Restate the records below exactly. Pictures are not part of the copy.

(Data items)
== Segment start ==

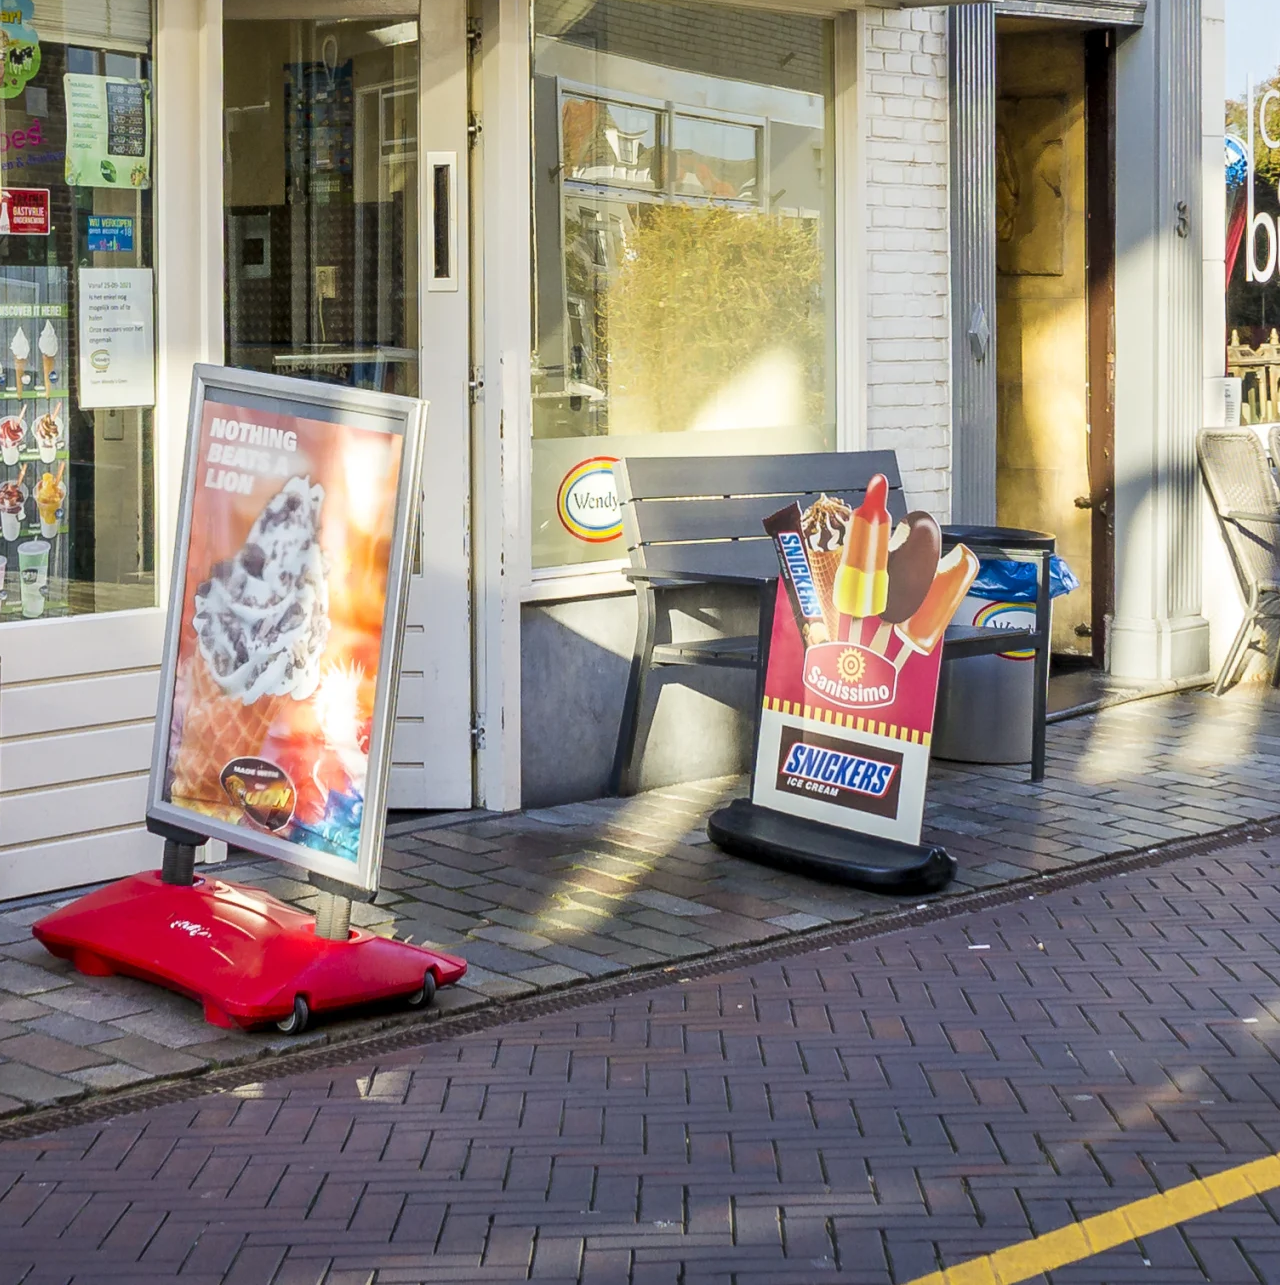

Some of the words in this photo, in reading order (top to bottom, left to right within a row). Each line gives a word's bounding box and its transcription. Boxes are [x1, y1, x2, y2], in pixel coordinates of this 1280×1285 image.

[13, 206, 44, 216] GASTVRIJE
[101, 218, 132, 227] VERKOPEN
[33, 305, 40, 316] IT
[41, 305, 62, 316] HERE!
[210, 417, 297, 452] NOTHING
[207, 442, 271, 473] BEATS
[273, 455, 289, 477] A
[205, 468, 255, 495] LION
[780, 535, 821, 616] SNICKERS
[807, 665, 890, 703] Sanissimo
[233, 765, 256, 776] MADE
[786, 744, 891, 794] SNICKERS
[786, 776, 803, 788] ICE
[805, 779, 839, 797] CREAM
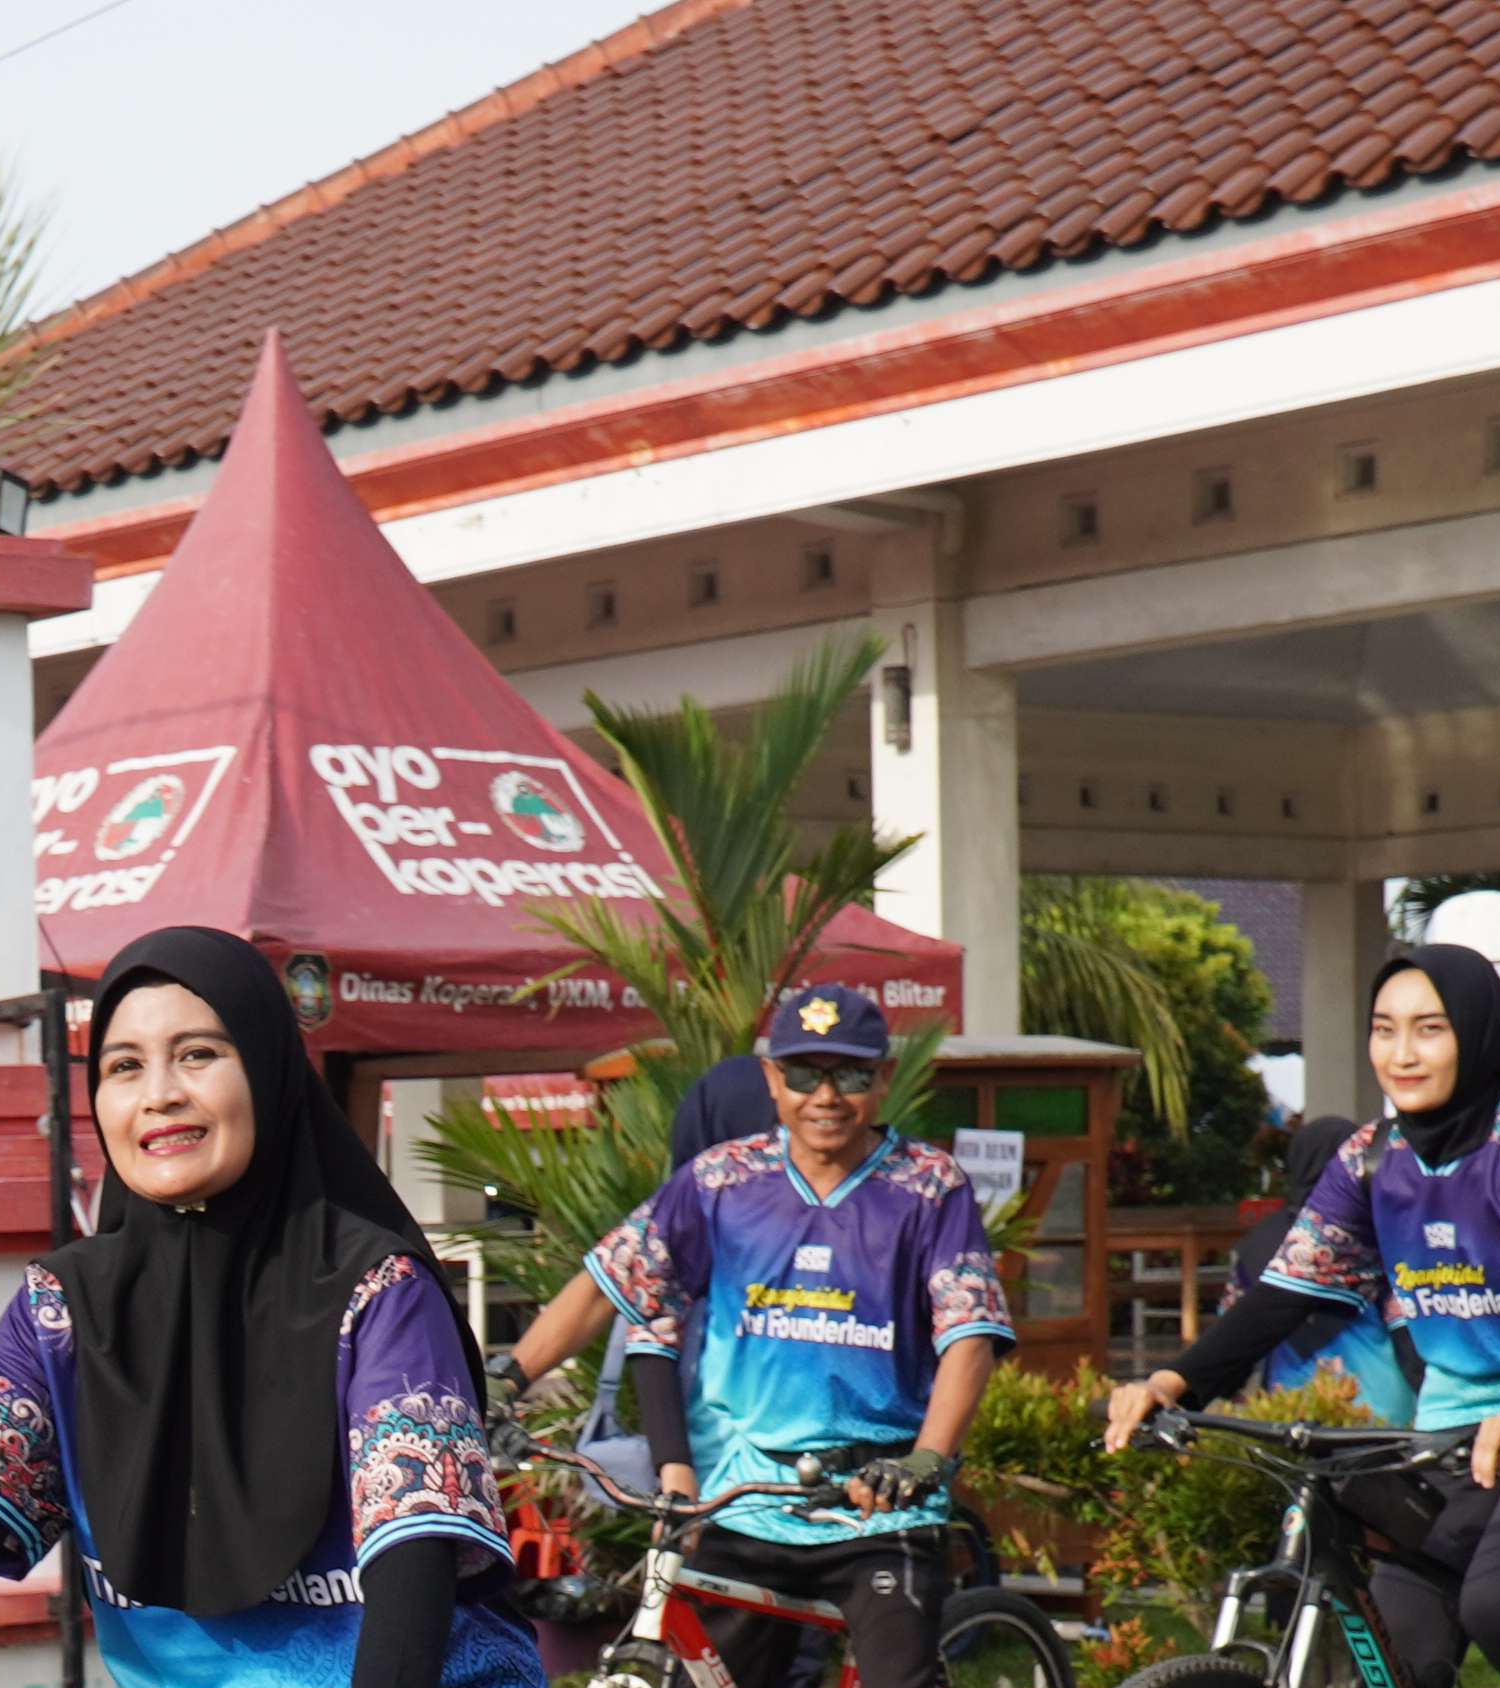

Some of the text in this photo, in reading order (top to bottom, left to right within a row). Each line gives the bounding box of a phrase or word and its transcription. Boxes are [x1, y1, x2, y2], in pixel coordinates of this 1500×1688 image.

== Segment end ==

• Exercise response
Some of the words in this photo, in reading order (top to bottom, left to right within a row). Each line gives a word's bounding box and its transcription. Boxes are [x1, y1, x2, y2], in pixel coordinates of this 1280×1285 image.

[13, 206, 44, 216] GASTVRIJE
[101, 218, 132, 227] VERKOPEN
[33, 305, 40, 316] IT
[41, 305, 62, 316] HERE!
[210, 417, 297, 452] NOTHING
[207, 442, 271, 473] BEATS
[273, 455, 289, 477] A
[205, 468, 255, 495] LION
[780, 535, 821, 616] SNICKERS
[807, 665, 890, 703] Sanissimo
[233, 765, 256, 776] MADE
[786, 744, 891, 794] SNICKERS
[786, 776, 803, 788] ICE
[805, 779, 839, 797] CREAM

Some of the text in this photo, in reading order (top to bottom, left to right within a row). Each line gives the bounding box of a phrase or word and its transcription. Boxes are [x1, y1, x2, y2], in pixel coordinates of this 1500×1688 image.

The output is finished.